#### About this task:
Transcribe each record exactly. Omit the pictures.

(Saved entries)
============

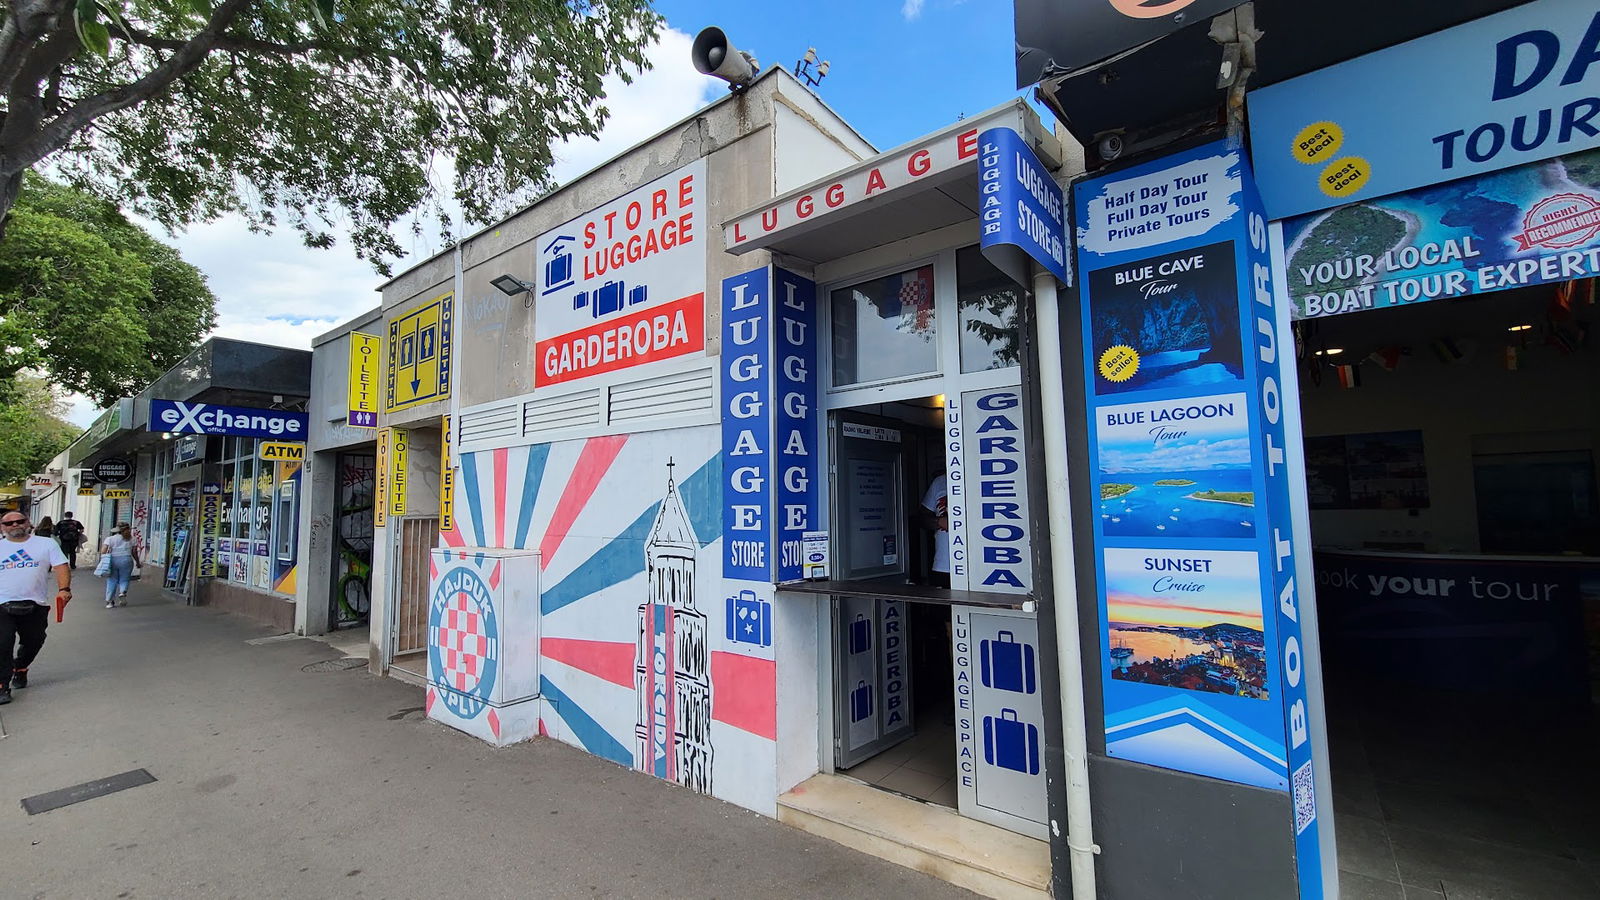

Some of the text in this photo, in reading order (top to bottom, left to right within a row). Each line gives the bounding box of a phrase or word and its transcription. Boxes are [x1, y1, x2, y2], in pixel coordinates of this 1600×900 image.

[1298, 128, 1328, 152] Best
[1306, 134, 1335, 158] deal
[734, 128, 978, 243] LUGGAGE
[981, 142, 1002, 236] LUGGAGE
[1016, 151, 1061, 226] LUGGAGE
[1105, 172, 1209, 209] Half Day Tour
[1325, 162, 1355, 185] Best
[1333, 168, 1362, 192] deal
[584, 174, 694, 249] STORE
[1018, 199, 1051, 255] STORE
[1107, 190, 1208, 225] Full Day Tour
[1108, 207, 1210, 241] Private Tours
[1542, 204, 1578, 222] HIGHLY
[583, 212, 694, 281] LUGGAGE
[1115, 254, 1204, 285] BLUE CAVE
[1300, 236, 1480, 286] YOUR LOCAL
[1140, 279, 1178, 300] Tour
[1305, 283, 1375, 317] BOAT
[1382, 270, 1467, 304] TOUR
[387, 322, 397, 408] TOILETTE
[440, 298, 452, 393] TOILETTE
[544, 309, 689, 378] GARDEROBA
[1105, 350, 1126, 369] Best
[1110, 354, 1134, 377] seller
[359, 336, 372, 410] TOILETTE
[161, 401, 301, 434] eXchange
[729, 282, 764, 531] LUGGAGE
[783, 280, 809, 531] LUGGAGE
[1107, 402, 1234, 426] BLUE LAGOON
[264, 446, 302, 458] ATM
[1149, 425, 1188, 444] Tour
[378, 434, 387, 522] TOILETTE
[395, 432, 406, 512] TOILETTE
[443, 417, 453, 527] TOILETTE
[949, 399, 964, 576] LUGGAGE SPACE
[975, 392, 1025, 588] GARDEROBA
[1249, 211, 1307, 749] BOAT TOURS
[201, 496, 218, 576] BAGGAGE STORAGE
[731, 540, 765, 569] STORE
[782, 540, 803, 568] STO
[1144, 557, 1212, 573] SUNSET
[1152, 576, 1205, 593] Cruise
[1368, 574, 1455, 597] your
[1468, 575, 1560, 602] tour
[435, 568, 493, 617] HAJDUK
[438, 675, 484, 715] SPLIT
[653, 631, 666, 761] TORCIDA
[956, 614, 972, 788] LUGGAGE SPACE
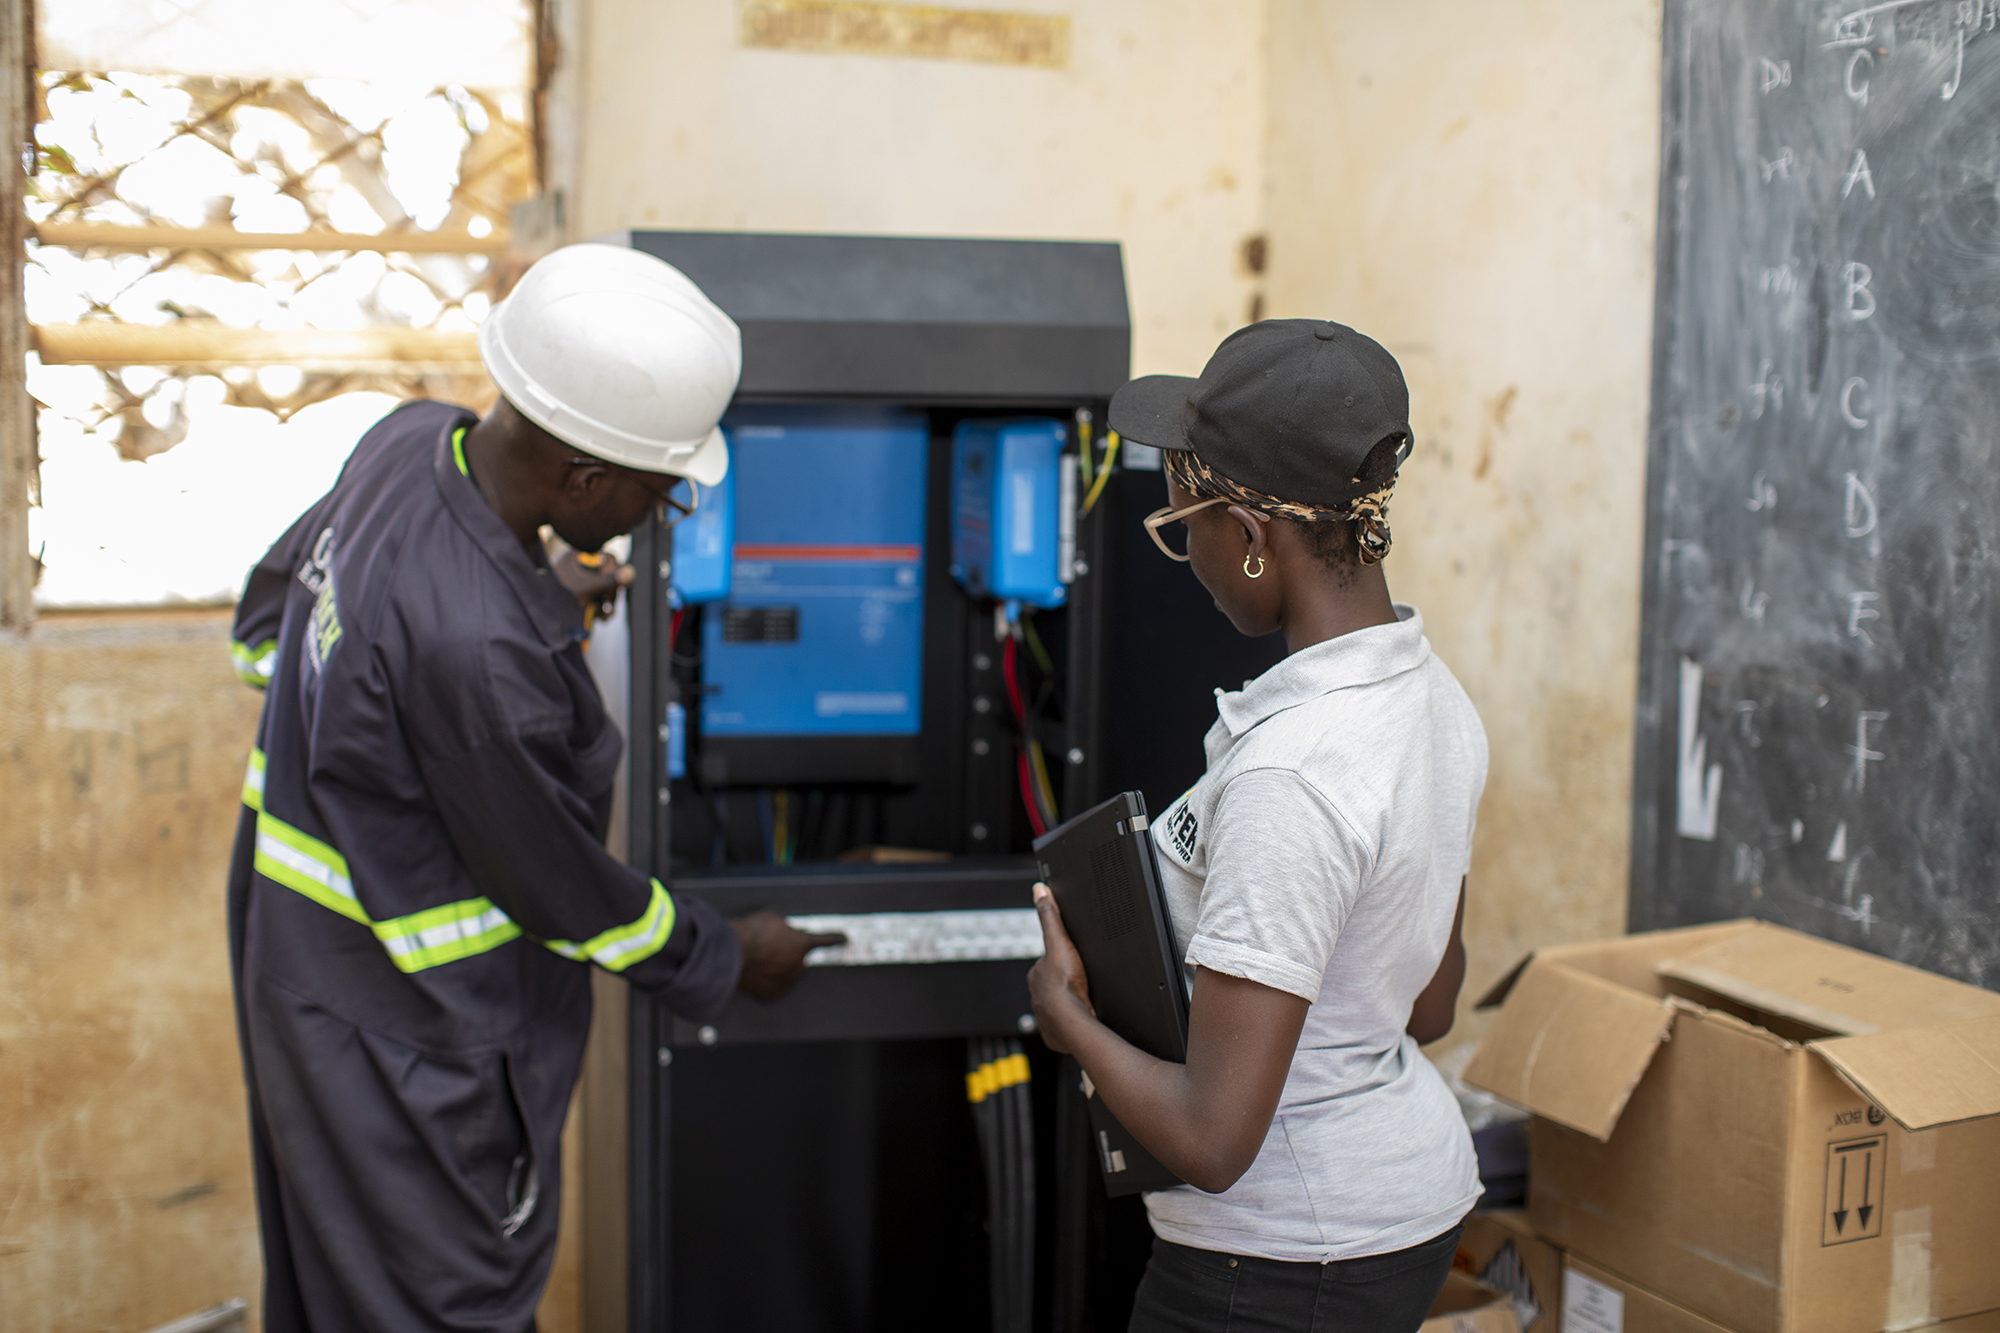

============

#### Solved problem:
Some of the text in this photo, in reading order (top to bottom, left to right within a row). Each line gives the bounding box of a phrase or word and its transcription. Boxes are [x1, y1, x2, y2], in pixel coordinates of this 1600×900 image.

[1298, 128, 1328, 152] Best
[1306, 134, 1335, 158] deal
[734, 128, 978, 243] LUGGAGE
[981, 142, 1002, 236] LUGGAGE
[1016, 151, 1061, 226] LUGGAGE
[1105, 172, 1209, 209] Half Day Tour
[1325, 162, 1355, 185] Best
[1333, 168, 1362, 192] deal
[584, 174, 694, 249] STORE
[1018, 199, 1051, 255] STORE
[1107, 190, 1208, 225] Full Day Tour
[1108, 207, 1210, 241] Private Tours
[1542, 204, 1578, 222] HIGHLY
[583, 212, 694, 281] LUGGAGE
[1115, 254, 1204, 285] BLUE CAVE
[1300, 236, 1480, 286] YOUR LOCAL
[1140, 279, 1178, 300] Tour
[1305, 283, 1375, 317] BOAT
[1382, 270, 1467, 304] TOUR
[387, 322, 397, 408] TOILETTE
[440, 298, 452, 393] TOILETTE
[544, 309, 689, 378] GARDEROBA
[1105, 350, 1126, 369] Best
[1110, 354, 1134, 377] seller
[359, 336, 372, 410] TOILETTE
[161, 401, 301, 434] eXchange
[729, 282, 764, 531] LUGGAGE
[783, 280, 809, 531] LUGGAGE
[1107, 402, 1234, 426] BLUE LAGOON
[264, 446, 302, 458] ATM
[1149, 425, 1188, 444] Tour
[378, 434, 387, 522] TOILETTE
[395, 432, 406, 512] TOILETTE
[443, 417, 453, 527] TOILETTE
[949, 399, 964, 576] LUGGAGE SPACE
[975, 392, 1025, 588] GARDEROBA
[1249, 211, 1307, 749] BOAT TOURS
[201, 496, 218, 576] BAGGAGE STORAGE
[731, 540, 765, 569] STORE
[782, 540, 803, 568] STO
[1144, 557, 1212, 573] SUNSET
[1152, 576, 1205, 593] Cruise
[1368, 574, 1455, 597] your
[1468, 575, 1560, 602] tour
[435, 568, 493, 617] HAJDUK
[438, 675, 484, 715] SPLIT
[653, 631, 666, 761] TORCIDA
[956, 614, 972, 788] LUGGAGE SPACE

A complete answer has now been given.